Why does running multiple lambdas in loops suddenly slow down?

Question

Consider the following code:

public class Playground {

    private static final int MAX = 100_000_000;

    public static void main(String... args) {
        execute(() -> {});
        execute(() -> {});
        execute(() -> {});
        execute(() -> {});
    }

    public static void execute(Runnable task) {
        Stopwatch stopwatch = Stopwatch.createStarted();
        for (int i = 0; i < MAX; i++) {
            task.run();
        }
        System.out.println(stopwatch);
    }

}

This currently prints the following on my Intel MBP on Temurin 17:

3.675 ms
1.948 ms
216.9 ms
243.3 ms

Notice the 100* slowdown for the third (and any subsequent) execution. Now, obviously, this is NOT how to write benchmarks in Java. The loop code doesn't do anything, so I'd expect it to be eliminated for all and any repetitions. Also I could not repeat this effect using JMH which tells me the reason is tricky and fragile.

So, why does this happen? Why would there suddenly be such a catastrophic slowdown, what's going on under the hood? An assumption is that C2 bails on us, but which limitation are we bumping into?
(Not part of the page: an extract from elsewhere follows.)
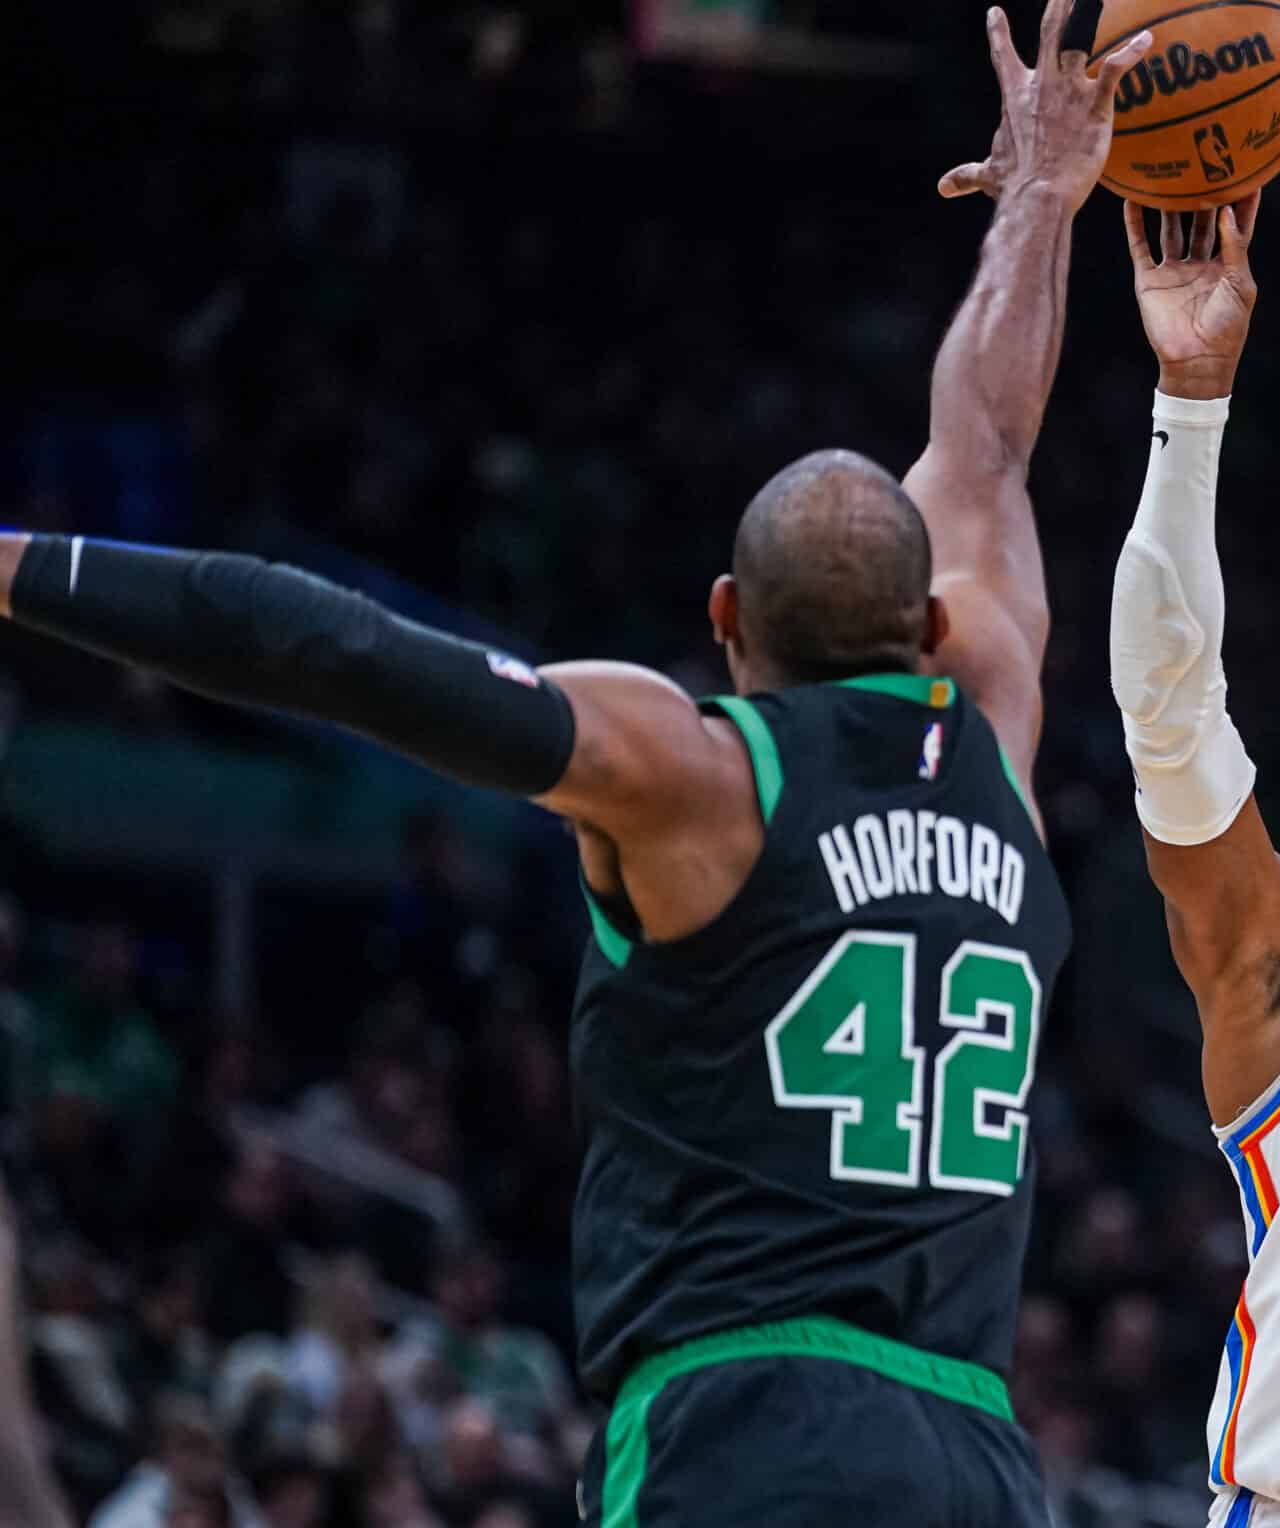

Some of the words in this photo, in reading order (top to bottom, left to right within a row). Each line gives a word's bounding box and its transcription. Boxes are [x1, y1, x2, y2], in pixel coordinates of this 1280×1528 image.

[1113, 33, 1275, 112] Wilson
[818, 810, 1025, 925] HORFORD
[764, 930, 1042, 1196] 42
Things that don't change the behavior:

using anonymous inner classes instead of lambdas,
using 3+ different nested classes instead of lambdas.

Things that "fix" the behavior. Actually the third invocation and all subsequent appear to be much faster, hinting that compilation correctly eliminated the loops completely:

using 1-2 nested classes instead of lambdas,
using 1-2 lambda instances instead of 4 different ones,
not calling task.run() lambdas inside the loop,
inlining the execute() method, still maintaining 4 different lambdas.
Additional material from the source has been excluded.